The report reveals that both apps, originating from the same publisher, have the ability to launch without user interaction and illicitly extract sensitive data, sending it to servers located in China.
App Details and User Data Exfiltration
The first app, referred to as “File Recovery” and labeled as “com.spot.music.filedate” on devices, boasts a minimum of 1 million installs. The second app, “File Manager,” identified as “com.file.box.master.gkd,” has a minimum of 500,000 installations. These apps were detected by Pradeo, a mobile security solutions company.
Contrary to their claims of not collecting user data, the apps retrieve the following information from the device:
- Contact list from on-device memory, connected email accounts, and social networks.

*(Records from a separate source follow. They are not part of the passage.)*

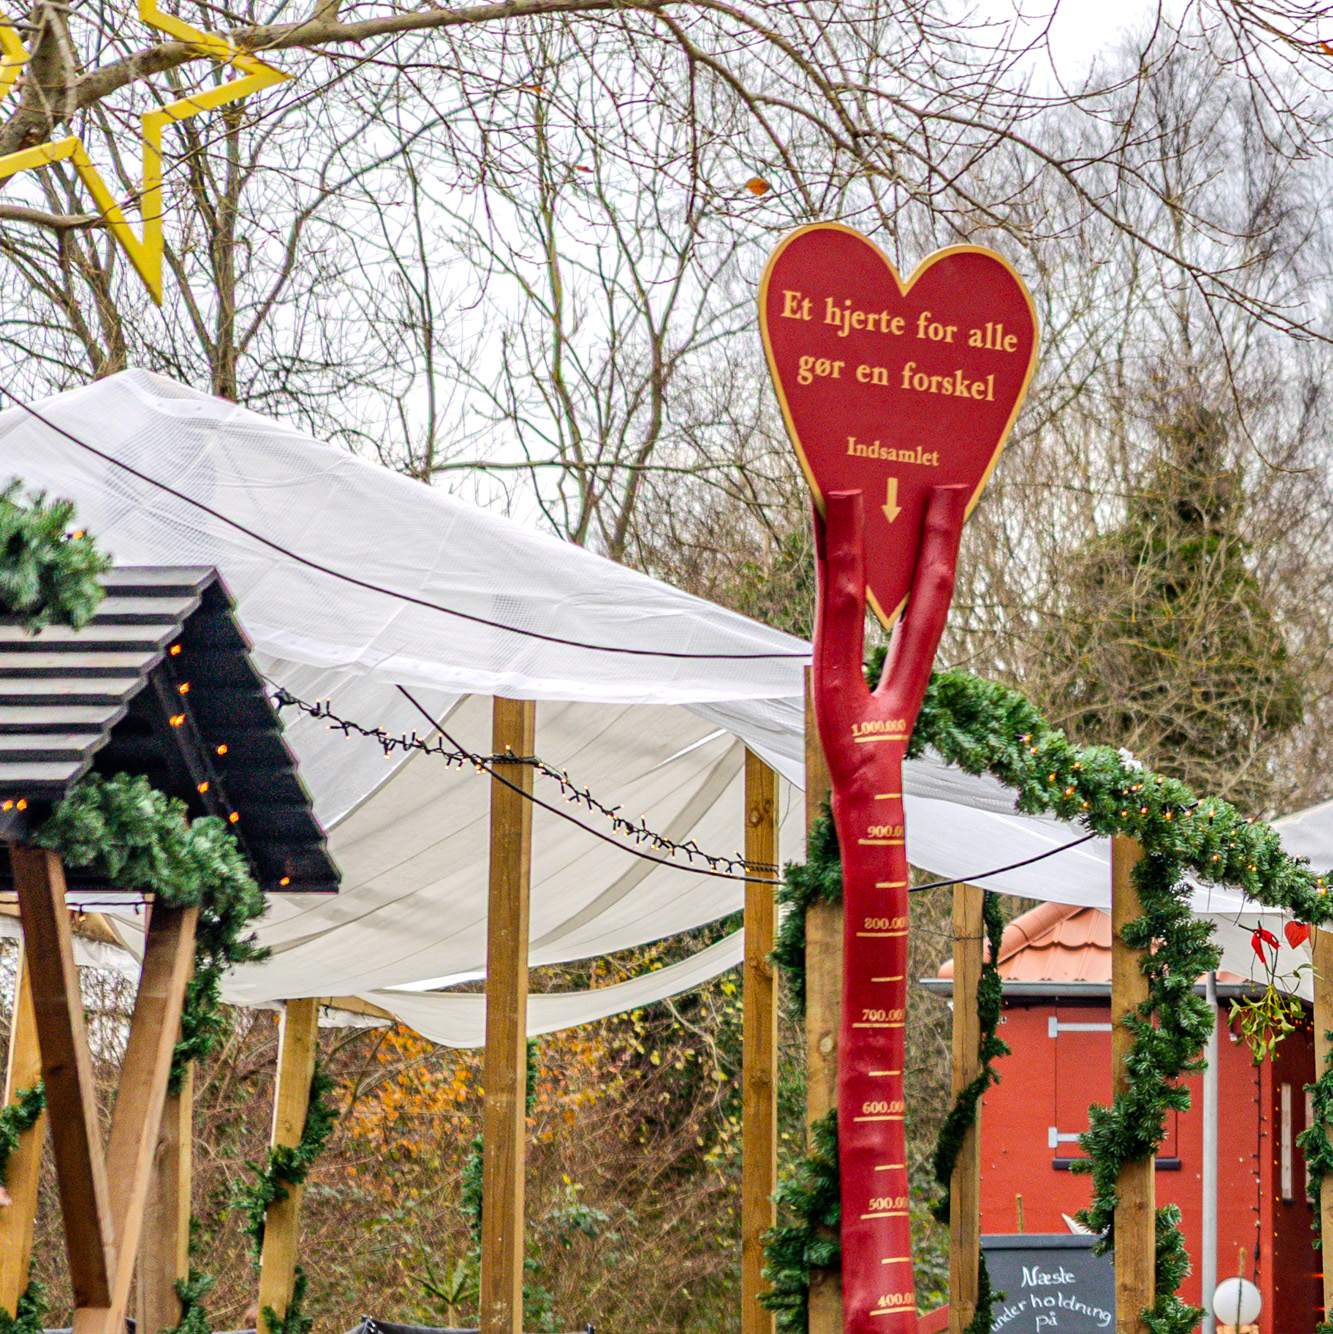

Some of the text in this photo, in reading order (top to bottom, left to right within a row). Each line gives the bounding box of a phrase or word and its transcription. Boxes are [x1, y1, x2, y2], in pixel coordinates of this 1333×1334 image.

[781, 290, 1018, 352] Et hjerte for alle
[797, 355, 995, 401] gør en forskel
[846, 437, 940, 466] Indsamlet
[1021, 1265, 1076, 1288] Næste
[1035, 1311, 1058, 1333] på

- Pictures, audio, and video files managed or recovered through the apps.
- Real-time user location.
- Mobile country code, network provider name, and SIM provider network code.
- Operating system version, device brand, and model.
While some data collection may be justified for performance and compatibility reasons, the majority of the extracted data goes beyond what is necessary for file management and data recovery. The apps clandestinely gather this data without obtaining the user’s consent.
Furthermore, Pradeo discovered that the apps employ tactics to evade detection and removal:
- Hiding their home screen icons to impede detection.
- Exploiting approved permissions during installation to restart the device and run in the background.
Pradeo speculates that the app publisher employed emulators or install farms to artificially inflate popularity and create a facade of trustworthiness. This hypothesis is supported by the significantly low number of user reviews compared to the reported user base.
Google’s Response and App Removal
Upon being informed of the issue, Google stated that they have removed the malicious apps from Google Play. Users relying on Google Play Services and Google Play Protect are protected from these malware-infected apps on Android devices, even if the apps are sourced from external channels beyond Google Play.